D’altra  parte l’orizzontalismo antropocentrico ha messo eccessivamente in rilievo la dimensione dell’uomo a spese della ricerca di qualcosa che sia superiore all’uomo. In un primo tempo l’effetto ottenuto è stato qualcosa di positivo: la scomparsa del «dio» oppressore che impediva all’uomo di realizzarsi e completarsi; ma poi, confondendo questo «dio» con «Dio», si è ottenuto che, attraverso la porta di servizio, entrassero altri dèi «vestiti da contadino».
Attualmente, nella crisi del mondo sia cattolico che protestante, è facile costatare come il militante cristiano che scopre l’uomo - attraverso una lotta politica di liberazione - sia tentato di abbandonare la sua fede cristiana, lasciando libero il campo agli avversari, i quali manipolano questa fede per i loro fini egoistici e, per questo, finanziano lussuosamente l’aspetto «verticale» del cristianesimo, dietro il quale nascondono i loro non confessati interessi.

I due amori. - C. Wiéner: Da un capo all’altro del Nuovo Testamento l’amore del prossimo appare indissociabile dall’amore di Dio: i due comandamenti sono il vertice e la chiave della legge (Mc 12,28-33 par.) la carità fraterna è la realizzazione di ogni esistenza morale (Gal 5,14; 6, 2; Rom 13, 8 s; Col 3,14), è in definitiva l’unico comandamento (Gv 15,12; 2 Gv 5), l’opera unica e multiforme di ogni fede viva (Gal 5, 6. 22): «Chi non ama il fratello che vede, non può amare quel Dio che non vede... amiamo i figli di Dio quando amiamo Dio» (1Gv 4,20s). Non si potrebbe affermare meglio che, in sostanza, non c’è che un solo amore.
L’amore del prossimo è quindi essenzialmente religioso; non è una semplice filantropia. Anzitutto è religioso per il suo modello: imitare l’amore stesso di Dio (Mt 5,44s; Ef 5,1s. 25; 1Gv 4,11s).

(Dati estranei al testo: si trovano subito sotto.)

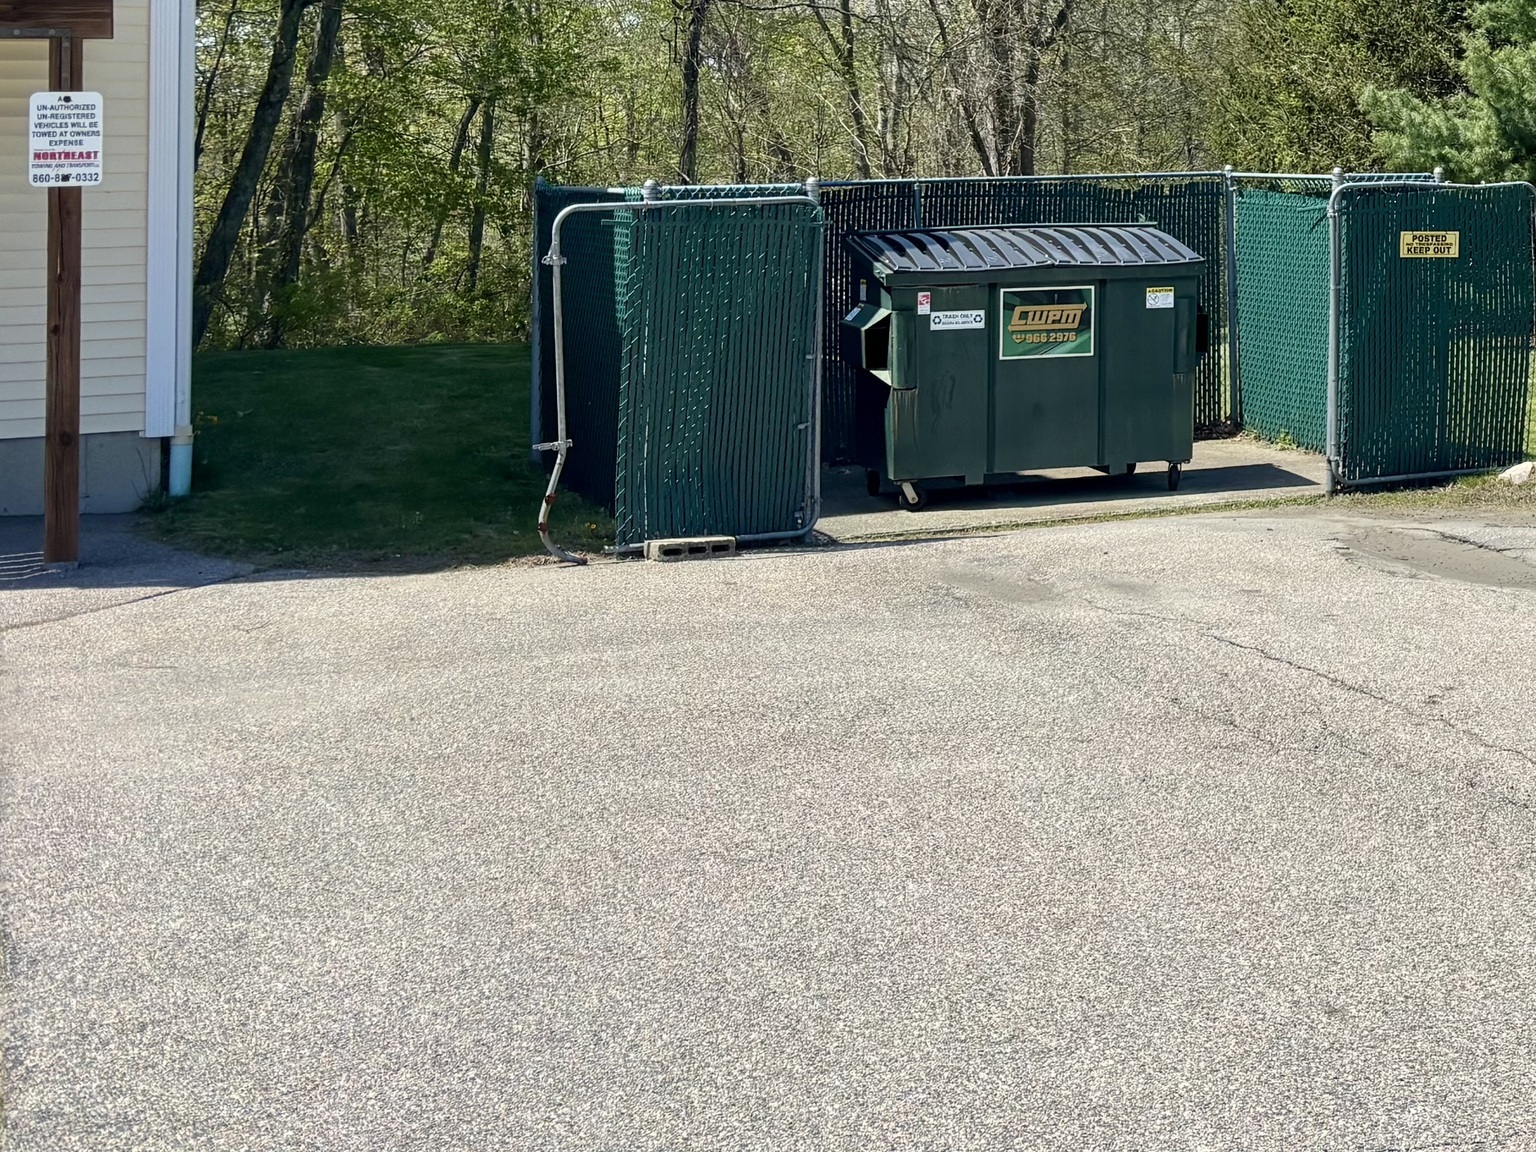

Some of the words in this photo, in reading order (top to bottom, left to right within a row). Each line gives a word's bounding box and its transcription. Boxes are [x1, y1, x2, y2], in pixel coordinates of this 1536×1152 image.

Poi, e soprattutto, per la sua sorgente, perché è l’opera di Dio in noi: come potremmo essere misericordiosi come il Padre celeste (Lc 6,36), se il Signore non ce lo insegnasse (1Tess 4,9), se lo Spirito non lo effondesse nei nostri cuori (Rom 5,5; 15,30)? Questo amore viene da Dio ed esiste in noi per il fatto stesso che Dio ci prende come figli (1Gv 4,7). E, venuto da Dio, esso ritorna a lui: amando i nostri fratelli, amiamo il Signore stesso (Mt 25,40), perché tutti assieme forniamo il corpo di Cristo (Rom 12,5-10; 1Cor 12,12-17). Questo è il modo in cui possiamo rispondere all’amore con cui Dio ci ha amati per primo (1Gv 3,16; 4,19s).
In attesa della parusia del Signore, la carità è l’esigenza essenziale, in base alla quale gli uomini saranno giudicati (Mt 25,31-46). Questo è il testamento lasciato da Gesù: «Amatevi gli unii gli altri, come io vi ho amati» (Gv 13,34s). L’atto d’amore di Cristo continua ad esprimersi attraverso gli atti dei discepoli. Questo comandamento, benché antico perché legato alle sorgenti stesse della rivelazione (1Gv 2,7s), è nuovo: di fatto Gesù ha inaugurato una nuova era mediante il suo sacrificio, fondando la nuova comunità annunziata dai profeti, donando ad ognuno lo Spirito che crea dei cuori nuovi. Se dunque i due comandamenti sono uniti, si è perché l’amore di Cristo continua ad esprimersi attraverso la carità che i discepoli manifestano tra loro.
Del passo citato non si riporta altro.